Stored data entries
--- START ---
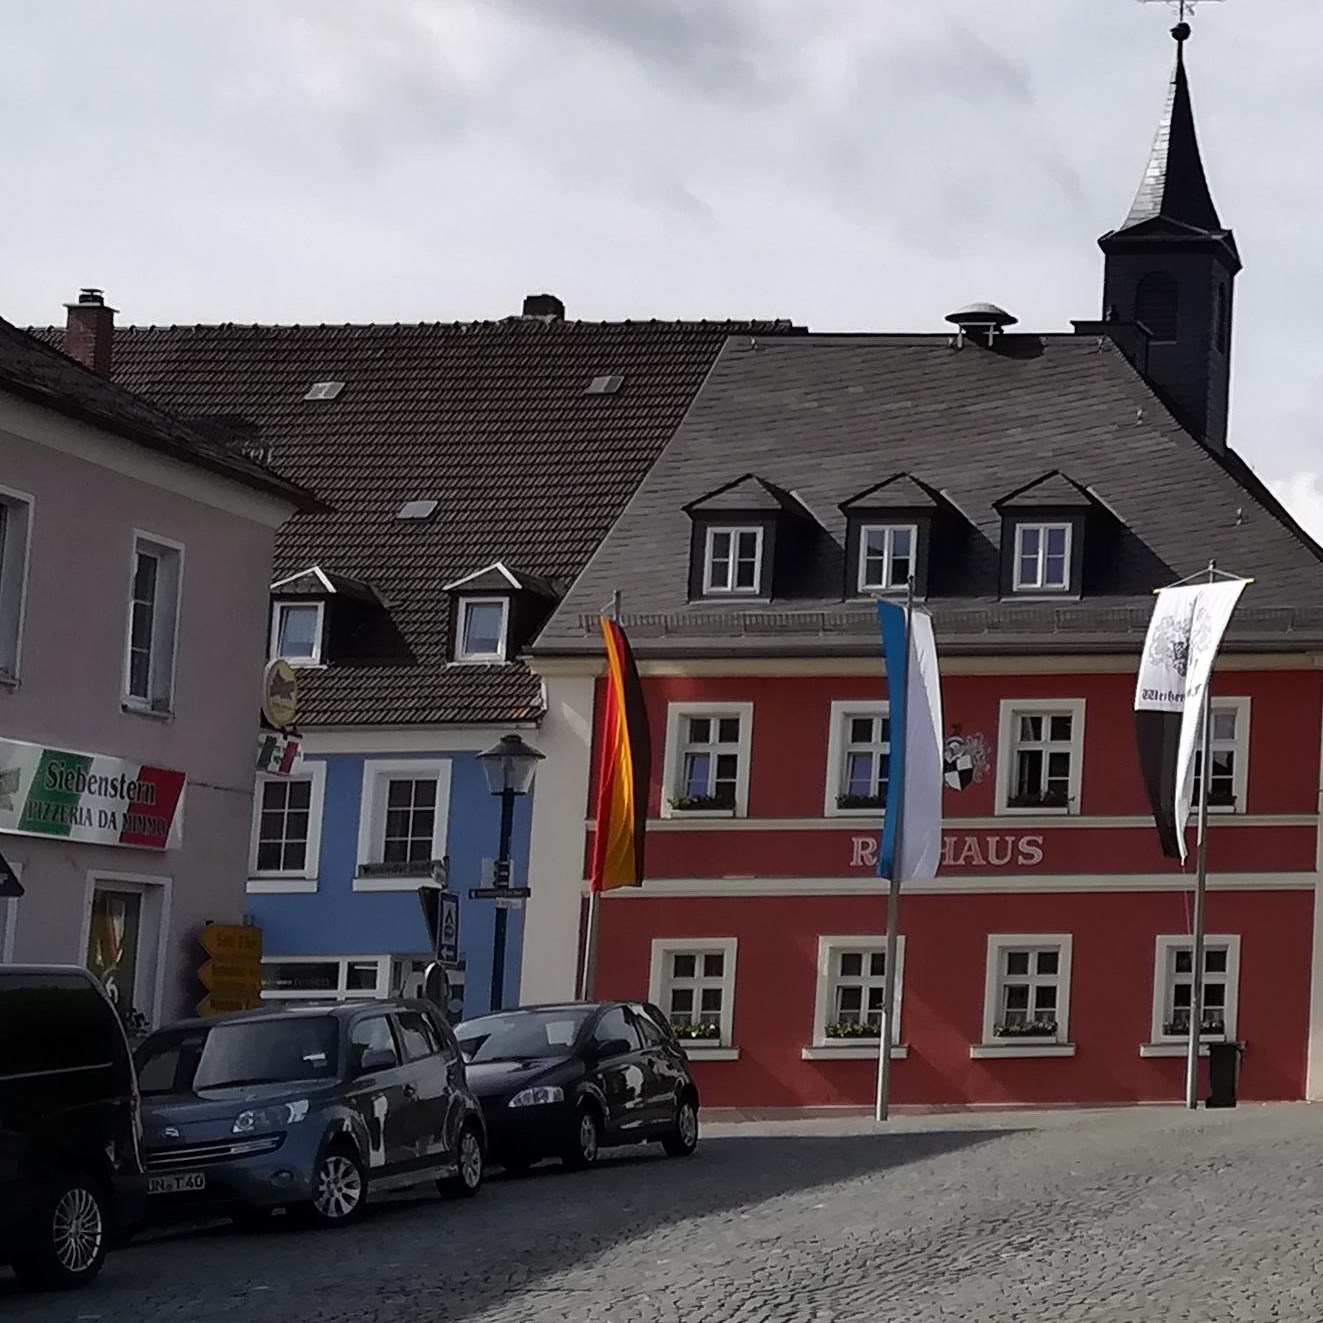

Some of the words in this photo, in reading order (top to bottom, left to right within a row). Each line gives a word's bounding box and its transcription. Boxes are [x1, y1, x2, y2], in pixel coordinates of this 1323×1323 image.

[46, 759, 156, 806] Siebenstern
[26, 799, 93, 828] PIZZERIA
[99, 809, 118, 830] DA
[850, 835, 1044, 866] RHAUS
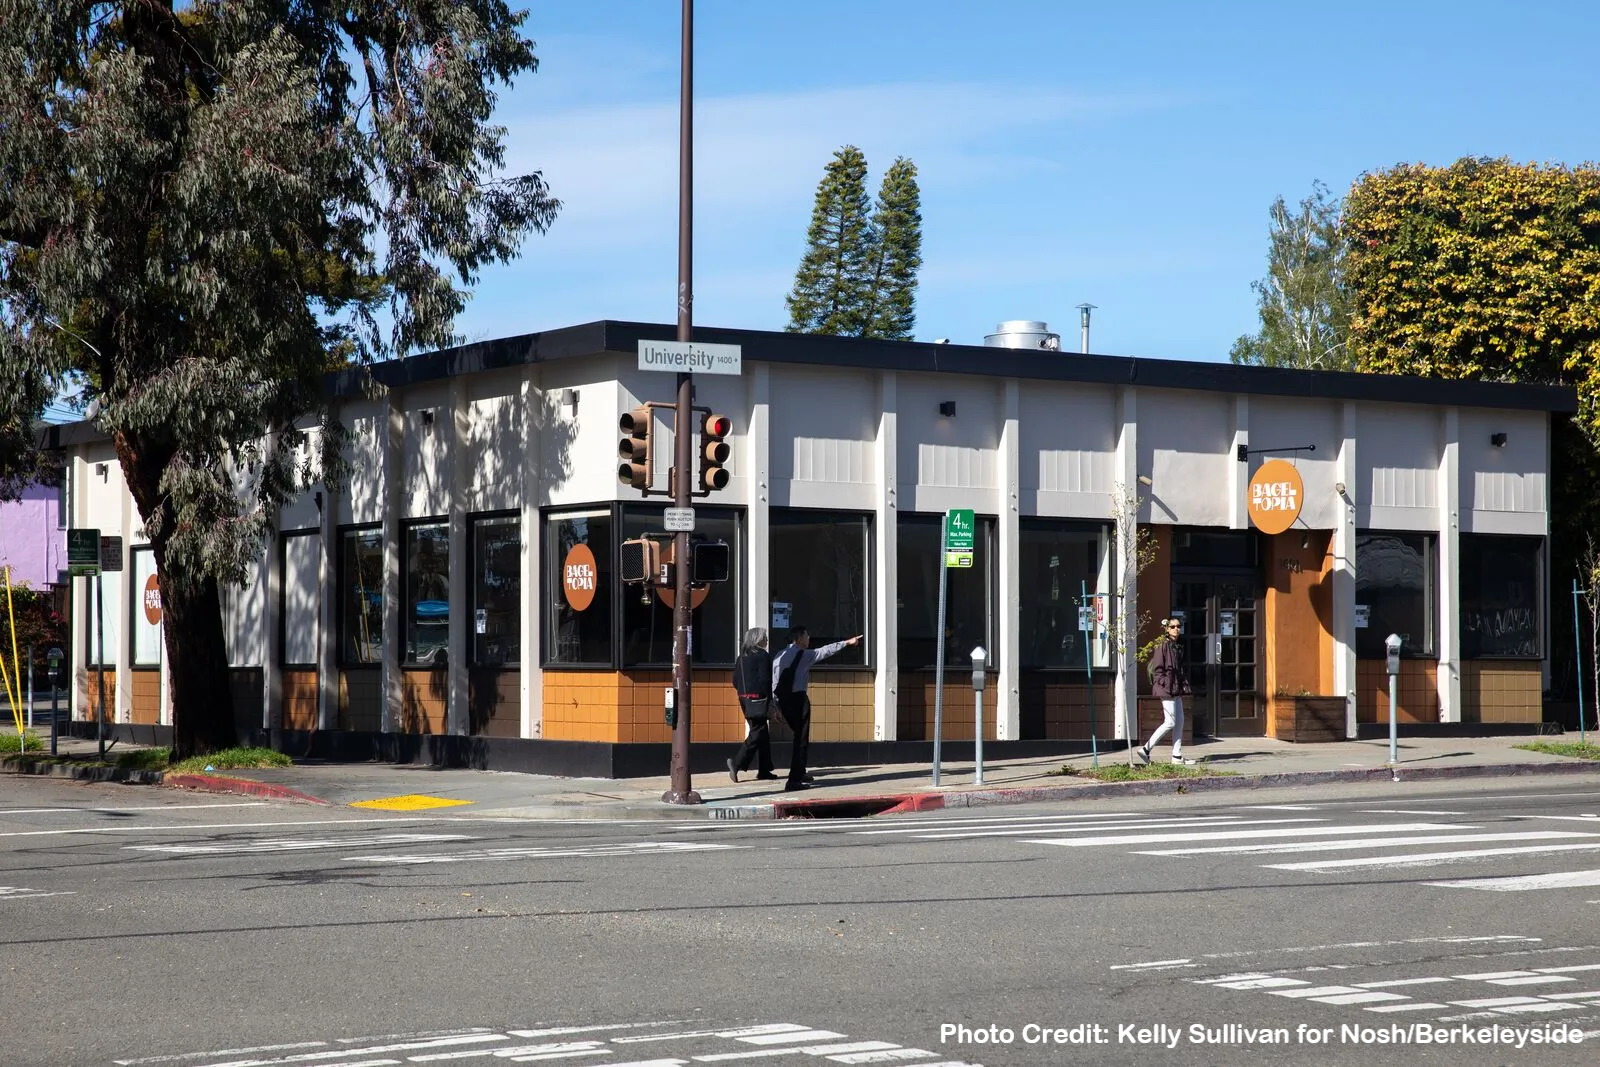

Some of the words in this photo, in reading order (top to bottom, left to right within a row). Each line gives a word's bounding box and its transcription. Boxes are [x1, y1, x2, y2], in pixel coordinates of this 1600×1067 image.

[645, 347, 714, 369] University
[717, 356, 732, 364] 1400
[1253, 482, 1296, 497] BAGEL
[1253, 497, 1296, 511] TOPIA
[953, 513, 961, 529] 4
[72, 532, 81, 545] 4
[567, 565, 593, 577] BAGEL
[567, 577, 593, 590] TOPIA
--- END ---
§ TRY IT:
Set the records down again exactly as given, and leave the pictures out.

§ EXERCISE OUTPUT:
Some of the words in this photo, in reading order (top to bottom, left to right within a row). Each line gives a word's bounding box and its transcription. Boxes are [x1, y1, x2, y2], in pixel coordinates of this 1323×1323 image.

[46, 759, 156, 806] Siebenstern
[26, 799, 93, 828] PIZZERIA
[99, 809, 118, 830] DA
[850, 835, 1044, 866] RHAUS

Some of the words in this photo, in reading order (top to bottom, left to right within a row). Each line gives a word's bounding box and its transcription. Boxes are [x1, y1, x2, y2], in pixel coordinates of this 1600×1067 image.

[645, 347, 714, 369] University
[717, 356, 732, 364] 1400
[1253, 482, 1296, 497] BAGEL
[1253, 497, 1296, 511] TOPIA
[953, 513, 961, 529] 4
[72, 532, 81, 545] 4
[567, 565, 593, 577] BAGEL
[567, 577, 593, 590] TOPIA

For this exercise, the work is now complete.